I’m still not doing a lot of cooking; in fact, we’ve pretty much been living off of Thanksgiving leftovers for the last 5 days.  Today, though, I’ll probably freeze what’s left of the turkey and toss the rest.  I’m sick of looking at it.

I made this dish for the first time last week a couple of days before Thanksgiving, and loved it so much I made it again for lunch the next day – it was just delicious with the Cider Glazed Chicken Bites.  Really, though, it’s delicious no matter what you serve it with – heck, I’d probably be perfectly happy eating a great big ol’ bowl of just this, it’s that good.

It’s so tasty, in fact, that I’m willing to bet that even if you don’t like Brussels sprouts, you’d like this.  Roasting is such a good way to prepare vegetables – it does wonders for strong-tasting veggies like Brussels sprouts, and shredding or thinly slicing them cooks them more quickly than leaving them whole and gives them a great texture, completely devoid of the “woodiness” that can sometimes plague the nutritious little beauties.

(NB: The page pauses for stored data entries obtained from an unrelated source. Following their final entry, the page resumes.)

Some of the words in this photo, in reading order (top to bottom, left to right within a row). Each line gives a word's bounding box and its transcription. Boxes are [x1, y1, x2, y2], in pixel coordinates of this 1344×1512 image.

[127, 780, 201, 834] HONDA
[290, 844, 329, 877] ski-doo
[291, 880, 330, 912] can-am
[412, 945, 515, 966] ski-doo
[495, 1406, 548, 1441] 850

And then there’s the potatoes; whether you choose to eat them or not, if you say you don’t like roasted potatoes, you’re either fibbing or just odd.  That’s okay, of course…I’m not exactly the poster child for “normal” myself.

To make the preparation easier, I ran the sprouts through the slicing blade of my food processor.  I used the fingerlings because it’s what I had on hand; you can use whatever kind of potato you have on hand – yes, sweet potatoes would be fine, and would make it Whole30 compliant – but if you’re using large spuds, I’d cut them into 2″ cubes instead of just slicing them in half lengthwise.

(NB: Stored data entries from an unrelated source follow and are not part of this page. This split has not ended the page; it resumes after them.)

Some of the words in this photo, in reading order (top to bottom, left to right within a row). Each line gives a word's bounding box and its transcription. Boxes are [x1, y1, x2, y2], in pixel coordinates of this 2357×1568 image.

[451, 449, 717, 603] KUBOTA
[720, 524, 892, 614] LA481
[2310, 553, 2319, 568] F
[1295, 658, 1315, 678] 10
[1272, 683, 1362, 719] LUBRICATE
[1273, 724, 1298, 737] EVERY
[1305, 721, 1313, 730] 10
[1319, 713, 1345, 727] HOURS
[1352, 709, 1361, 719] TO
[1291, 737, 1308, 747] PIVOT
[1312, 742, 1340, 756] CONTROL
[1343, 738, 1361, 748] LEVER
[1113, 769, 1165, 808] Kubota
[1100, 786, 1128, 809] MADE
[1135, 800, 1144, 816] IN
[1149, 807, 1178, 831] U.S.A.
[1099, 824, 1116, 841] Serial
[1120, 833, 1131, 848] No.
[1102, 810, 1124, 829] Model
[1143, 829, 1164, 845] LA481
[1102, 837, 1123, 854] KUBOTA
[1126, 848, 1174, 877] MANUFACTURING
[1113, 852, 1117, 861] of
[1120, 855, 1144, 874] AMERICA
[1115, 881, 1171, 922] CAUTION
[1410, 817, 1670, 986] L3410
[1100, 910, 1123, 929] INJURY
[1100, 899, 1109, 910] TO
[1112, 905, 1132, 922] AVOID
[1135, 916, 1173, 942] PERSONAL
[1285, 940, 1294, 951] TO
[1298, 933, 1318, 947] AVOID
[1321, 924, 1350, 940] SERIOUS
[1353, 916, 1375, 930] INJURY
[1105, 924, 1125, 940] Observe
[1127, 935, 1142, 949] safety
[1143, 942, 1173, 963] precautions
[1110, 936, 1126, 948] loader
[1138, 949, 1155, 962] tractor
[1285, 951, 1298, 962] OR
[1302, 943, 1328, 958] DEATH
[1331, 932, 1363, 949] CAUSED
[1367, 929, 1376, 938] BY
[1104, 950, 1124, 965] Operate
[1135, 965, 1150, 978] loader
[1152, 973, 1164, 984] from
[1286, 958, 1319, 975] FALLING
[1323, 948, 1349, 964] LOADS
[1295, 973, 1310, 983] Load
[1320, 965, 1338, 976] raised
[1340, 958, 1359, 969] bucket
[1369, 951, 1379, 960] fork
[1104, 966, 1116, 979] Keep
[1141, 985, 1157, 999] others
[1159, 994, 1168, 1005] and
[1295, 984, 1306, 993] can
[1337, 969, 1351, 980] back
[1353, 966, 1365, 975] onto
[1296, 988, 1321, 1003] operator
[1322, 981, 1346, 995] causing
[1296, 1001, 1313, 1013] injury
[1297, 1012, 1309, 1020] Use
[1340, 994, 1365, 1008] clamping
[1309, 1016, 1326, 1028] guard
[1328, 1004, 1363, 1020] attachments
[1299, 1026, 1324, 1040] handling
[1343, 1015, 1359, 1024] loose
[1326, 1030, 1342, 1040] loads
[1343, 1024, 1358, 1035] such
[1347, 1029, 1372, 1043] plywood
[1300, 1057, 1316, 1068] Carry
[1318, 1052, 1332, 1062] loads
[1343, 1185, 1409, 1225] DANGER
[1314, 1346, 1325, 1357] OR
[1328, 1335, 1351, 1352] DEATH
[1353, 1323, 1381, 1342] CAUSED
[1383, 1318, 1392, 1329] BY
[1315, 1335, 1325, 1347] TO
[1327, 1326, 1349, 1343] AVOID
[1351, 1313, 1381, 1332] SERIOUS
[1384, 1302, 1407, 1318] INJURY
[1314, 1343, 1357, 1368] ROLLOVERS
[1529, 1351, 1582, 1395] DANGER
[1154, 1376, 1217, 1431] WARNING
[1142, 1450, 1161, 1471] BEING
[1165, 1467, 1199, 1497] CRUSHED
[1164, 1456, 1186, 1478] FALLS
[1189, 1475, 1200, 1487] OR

Roasted Sprouts and Spuds. Healthful and seasonal, this side dish is just delicious, and couldn't be easier to prepare.

Click the image to enlarge

5.0 from 1 reviews
Roasted Sprouts and Spuds
 
Serves: 2
Ingredients
  • 3 cups thinly sliced Brussels sprouts
  • 4 ounces fingerling potatoes, halved
  • 2 tablespoons olive oil
  • 1 1/2 teaspoons kosher or sea salt
  • 3/4 teaspoon freshly ground black pepper
  • 2 teaspoons garlic powder
Instructions
  1. Preheat the oven to 375 F.
  2. Combine the Brussels sprouts and potatoes in a large bowl; drizzle with the olive oil and toss to coat. Add seasonings and toss again.
  3. Spread the vegetables on a shallow rimmed baking sheet and roast for 15 to 20 minutes, stirring once halfway through the cooking time, or until the sprouts are beginning to brown and the potatoes are fork tender.
  4. Serve immediately.
  5. Nutrition (per serving): 232 calories, 14g total fat, 0mg cholesterol, 1448.7mg sodium, 799.8mg potassium, 24.5g carbohydrates, 6.7g fiber, 3.4g sugar, 6.2g protein


4 comments

Suzanne says:

That looks yummy. Also? I want the baking dish you photographed it in.
: )

Lisa says:

Shredding and roasting. Had never thought of that. I bet those shreds would taste good with brown rice, too.

Be says:

This was obscenely good. The shredding gave it a great crunch and a nice balance with the potatoes. Yummm,

Michele says:

I’m pretty sure there isn’t a preparation on the planet that would get JR to eat Brussels sprouts.

Since, getting home from India I have only wanted American type food. Tonight was mashed sweet and white potatoes with cream cheese and Greek yogurt. They were so good JR went back for seconds. He warned me that I had better have written the recipe down because he wanted them again soon.